Standing in the hall by my classroom door as students changed classes, I watched worriedly as teenagers carried backpacks that forced them to lean forward, their backs stooped by the burden. I once voiced my concern to a petite girl and asked why she didn’t leave some of the books in her locker. She told me that she didn’t even remember her locker combination because she never used it. When I raised my eyes in astonishment, she explained that in middle school she learned that leaning down to her bottom locker and turning her back to the hoards in the hallway was more dangerous than just carrying everything with her.
After that I noticed more carefully the few students who carried one or two books and a notebook in the crooks of their arms, sometimes dropping them in a flurry of snowy white paper that other students trampled over in their rush to get to class on time. Only when a sympathetic teen or I stopped to help the harried student did other students give us a wide enough berth to allow a safe retrieval of homework.
I began to admire a young lady who bought one of the first backpacks on rollers that allowed her to walk completely erect. When other students made fun of her, she smiled and said, “You talk to me again when you’re middle-aged and having back surgery.” Her friend, who lacked the courage to give up her own backpack, turned to her and smiled. “I wish I had your guts. But one of these days we’ll leave this crappy place for the real world.”
I often heard students complain that they couldn’t wait to leave and get into “the real world,” but schools are, indeed, a microcosm of that bigger world beyond those brick walls. We adults react in similar ways as we watch one another carry our burdens on our backs. All too often, we hurry on with our own lives, oblivious to the loads of others. Worse yet, we scoff at the strain of others, laughing that they think they have burdens when our own are so much greater.
The better angels among us stop to help us with our burdens, even if it’s just to listen. And when we’re powerless to help, we’re like the student who voiced the greatest platitude of high school students—that the real world they imagine will be better than the insular world of high school.
We adults, who have long since made it to the high school version of the real world, have a similar platitude: God will not give you a burden that is too great to bear. I have smiled each time someone says that to me, happy to have their empathy. But inwardly I wonder whether that saying is true. I know many people, including believers, who have buckled and collapsed under the wearying weight of life.
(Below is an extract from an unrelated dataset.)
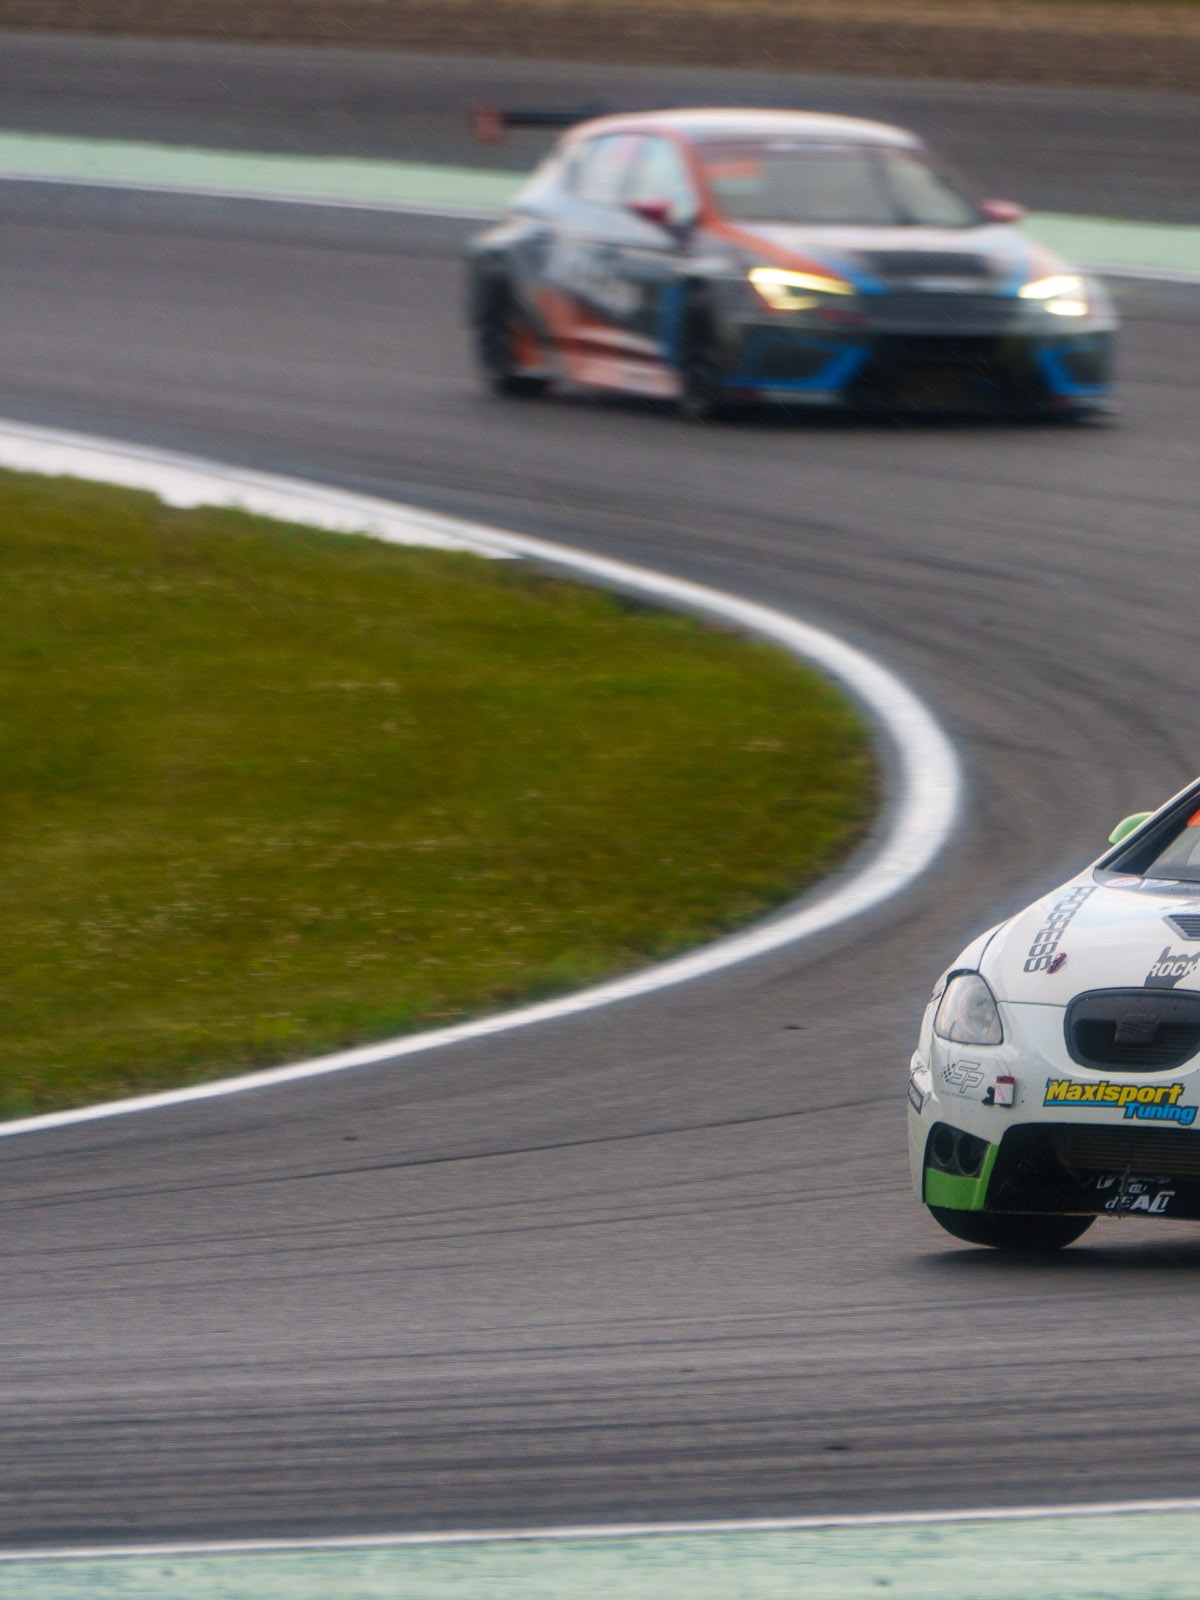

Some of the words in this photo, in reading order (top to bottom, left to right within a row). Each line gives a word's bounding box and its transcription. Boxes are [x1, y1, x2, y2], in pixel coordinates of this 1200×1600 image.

[1023, 886, 1098, 973] PROGRESS
[1150, 961, 1198, 977] ROCK
[1046, 1080, 1184, 1107] Maxisport
[1124, 1102, 1199, 1125] Tuning
But I am downright annoyed when someone adds The Bible says… in front of that platitude. The Bible doesn’t say! I want to retort in my most withering tone. That is a misquote of I Corinthian 10:13, which, in context, talks about temptation, not about burdens. The King James translation says, “There hath no temptation taken you but such as is common to man: but God is faithful, who will not suffer you to be tempted above that ye are able; but will with the temptation also make a way to escape, that ye may be able to bear it.”
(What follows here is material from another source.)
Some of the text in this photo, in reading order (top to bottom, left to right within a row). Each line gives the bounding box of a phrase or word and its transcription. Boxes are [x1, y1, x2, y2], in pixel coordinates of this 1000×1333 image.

There have been many translations since the King James that do not use the word temptation, but in context, the verse follows a warning from Paul to the church in Corinth to avoid sexual immorality and idolatry. It has nothing to do with the troubles we humans are destined to face.
Interestingly, there is a verse in the Qu’ran that is closer to the verse many Christians think they’re quoting from their own holy texts:
On no soul doth God Place a burden greater than it can bear. It gets every good that it earns, and it suffers every ill that it earns. [Pray:] “Our Lord! Condemn us not if we forget or fall into error; our Lord! Lay not on us a burden Like that which Thou didst lay on those before us; Our Lord! Lay not on us a burden greater than we have strength to bear. Blot out our sins, and grant us forgiveness. Have mercy on us. Thou art our Protector; Help us against those who stand against faith.” (Surah Al-Baqarah 2:226, tr. Yusuf Ali).
And even this verse seems to acknowledge in the prayer that God has and does lay such burdens on human beings and that a prayer for mercy is really our only hope.
As long as humanity endures, we humans will continue to behave like high school students with heavy backpacks. Some of us will laugh, some of us will pray for deliverance, and, in the meantime, most of us will voice platitudes when we don’t know what else to do. In the end, when prayers for deliverance seem unanswered, our best hope is to find and to be those better angels that help pick up the scattered pieces and shoulder some of the load.
How heavy is your backpack? Tell me a story of better angels.